=== MATERIAL FOR THE TASK ===

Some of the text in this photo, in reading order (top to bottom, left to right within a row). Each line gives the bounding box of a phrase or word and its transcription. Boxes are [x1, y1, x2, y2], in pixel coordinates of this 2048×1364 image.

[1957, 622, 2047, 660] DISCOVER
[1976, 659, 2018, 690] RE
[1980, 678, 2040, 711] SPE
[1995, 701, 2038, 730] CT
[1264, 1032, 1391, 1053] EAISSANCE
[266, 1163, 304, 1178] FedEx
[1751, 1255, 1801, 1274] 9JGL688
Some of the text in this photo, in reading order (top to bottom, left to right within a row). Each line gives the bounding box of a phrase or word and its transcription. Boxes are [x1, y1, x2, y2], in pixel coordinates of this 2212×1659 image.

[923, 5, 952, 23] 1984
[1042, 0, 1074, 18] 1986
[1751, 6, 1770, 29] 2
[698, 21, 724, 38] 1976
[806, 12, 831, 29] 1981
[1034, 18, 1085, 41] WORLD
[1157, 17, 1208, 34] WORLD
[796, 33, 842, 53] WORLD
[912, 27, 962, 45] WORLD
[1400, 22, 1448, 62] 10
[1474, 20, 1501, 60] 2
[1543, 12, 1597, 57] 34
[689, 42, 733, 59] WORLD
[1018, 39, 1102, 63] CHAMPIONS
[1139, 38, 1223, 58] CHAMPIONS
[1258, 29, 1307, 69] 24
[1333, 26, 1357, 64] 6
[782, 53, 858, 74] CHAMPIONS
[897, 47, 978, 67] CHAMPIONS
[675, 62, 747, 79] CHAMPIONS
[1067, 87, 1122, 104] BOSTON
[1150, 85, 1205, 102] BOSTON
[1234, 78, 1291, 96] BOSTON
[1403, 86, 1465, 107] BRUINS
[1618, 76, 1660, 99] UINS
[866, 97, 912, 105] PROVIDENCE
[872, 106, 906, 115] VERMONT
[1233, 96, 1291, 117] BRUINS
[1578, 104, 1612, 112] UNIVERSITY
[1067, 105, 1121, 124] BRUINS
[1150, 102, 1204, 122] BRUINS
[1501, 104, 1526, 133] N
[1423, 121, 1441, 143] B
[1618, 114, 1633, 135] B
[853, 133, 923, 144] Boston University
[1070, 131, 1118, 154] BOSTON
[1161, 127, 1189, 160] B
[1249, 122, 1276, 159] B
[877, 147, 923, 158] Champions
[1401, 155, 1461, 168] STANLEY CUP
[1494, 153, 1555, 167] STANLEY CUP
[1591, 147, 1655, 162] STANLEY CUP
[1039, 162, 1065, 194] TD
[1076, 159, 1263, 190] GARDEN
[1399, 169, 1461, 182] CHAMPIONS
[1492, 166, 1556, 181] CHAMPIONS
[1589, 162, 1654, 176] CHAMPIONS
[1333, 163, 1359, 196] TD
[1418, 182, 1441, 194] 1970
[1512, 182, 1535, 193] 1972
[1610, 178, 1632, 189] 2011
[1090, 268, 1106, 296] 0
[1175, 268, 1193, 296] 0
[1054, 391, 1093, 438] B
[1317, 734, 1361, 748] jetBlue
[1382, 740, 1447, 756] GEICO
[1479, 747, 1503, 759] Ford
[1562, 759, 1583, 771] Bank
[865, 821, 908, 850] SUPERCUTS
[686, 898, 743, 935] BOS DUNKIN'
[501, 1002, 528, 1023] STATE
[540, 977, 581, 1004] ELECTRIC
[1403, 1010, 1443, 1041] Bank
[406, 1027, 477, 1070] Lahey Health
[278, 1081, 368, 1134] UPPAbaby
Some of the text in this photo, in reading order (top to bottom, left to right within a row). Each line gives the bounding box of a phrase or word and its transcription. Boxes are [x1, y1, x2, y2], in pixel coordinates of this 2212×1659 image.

===

Copy out the material above in its entirety, exactly.

Some of the text in this photo, in reading order (top to bottom, left to right within a row). Each line gives the bounding box of a phrase or word and its transcription. Boxes are [x1, y1, x2, y2], in pixel coordinates of this 2048×1364 image.

[1957, 622, 2047, 660] DISCOVER
[1976, 659, 2018, 690] RE
[1980, 678, 2040, 711] SPE
[1995, 701, 2038, 730] CT
[1264, 1032, 1391, 1053] EAISSANCE
[266, 1163, 304, 1178] FedEx
[1751, 1255, 1801, 1274] 9JGL688
Some of the text in this photo, in reading order (top to bottom, left to right within a row). Each line gives the bounding box of a phrase or word and its transcription. Boxes are [x1, y1, x2, y2], in pixel coordinates of this 2212×1659 image.

[923, 5, 952, 23] 1984
[1042, 0, 1074, 18] 1986
[1751, 6, 1770, 29] 2
[698, 21, 724, 38] 1976
[806, 12, 831, 29] 1981
[1034, 18, 1085, 41] WORLD
[1157, 17, 1208, 34] WORLD
[796, 33, 842, 53] WORLD
[912, 27, 962, 45] WORLD
[1400, 22, 1448, 62] 10
[1474, 20, 1501, 60] 2
[1543, 12, 1597, 57] 34
[689, 42, 733, 59] WORLD
[1018, 39, 1102, 63] CHAMPIONS
[1139, 38, 1223, 58] CHAMPIONS
[1258, 29, 1307, 69] 24
[1333, 26, 1357, 64] 6
[782, 53, 858, 74] CHAMPIONS
[897, 47, 978, 67] CHAMPIONS
[675, 62, 747, 79] CHAMPIONS
[1067, 87, 1122, 104] BOSTON
[1150, 85, 1205, 102] BOSTON
[1234, 78, 1291, 96] BOSTON
[1403, 86, 1465, 107] BRUINS
[1618, 76, 1660, 99] UINS
[866, 97, 912, 105] PROVIDENCE
[872, 106, 906, 115] VERMONT
[1233, 96, 1291, 117] BRUINS
[1578, 104, 1612, 112] UNIVERSITY
[1067, 105, 1121, 124] BRUINS
[1150, 102, 1204, 122] BRUINS
[1501, 104, 1526, 133] N
[1423, 121, 1441, 143] B
[1618, 114, 1633, 135] B
[853, 133, 923, 144] Boston University
[1070, 131, 1118, 154] BOSTON
[1161, 127, 1189, 160] B
[1249, 122, 1276, 159] B
[877, 147, 923, 158] Champions
[1401, 155, 1461, 168] STANLEY CUP
[1494, 153, 1555, 167] STANLEY CUP
[1591, 147, 1655, 162] STANLEY CUP
[1039, 162, 1065, 194] TD
[1076, 159, 1263, 190] GARDEN
[1399, 169, 1461, 182] CHAMPIONS
[1492, 166, 1556, 181] CHAMPIONS
[1589, 162, 1654, 176] CHAMPIONS
[1333, 163, 1359, 196] TD
[1418, 182, 1441, 194] 1970
[1512, 182, 1535, 193] 1972
[1610, 178, 1632, 189] 2011
[1090, 268, 1106, 296] 0
[1175, 268, 1193, 296] 0
[1054, 391, 1093, 438] B
[1317, 734, 1361, 748] jetBlue
[1382, 740, 1447, 756] GEICO
[1479, 747, 1503, 759] Ford
[1562, 759, 1583, 771] Bank
[865, 821, 908, 850] SUPERCUTS
[686, 898, 743, 935] BOS DUNKIN'
[501, 1002, 528, 1023] STATE
[540, 977, 581, 1004] ELECTRIC
[1403, 1010, 1443, 1041] Bank
[406, 1027, 477, 1070] Lahey Health
[278, 1081, 368, 1134] UPPAbaby
Some of the text in this photo, in reading order (top to bottom, left to right within a row). Each line gives the bounding box of a phrase or word and its transcription. Boxes are [x1, y1, x2, y2], in pixel coordinates of this 2212×1659 image.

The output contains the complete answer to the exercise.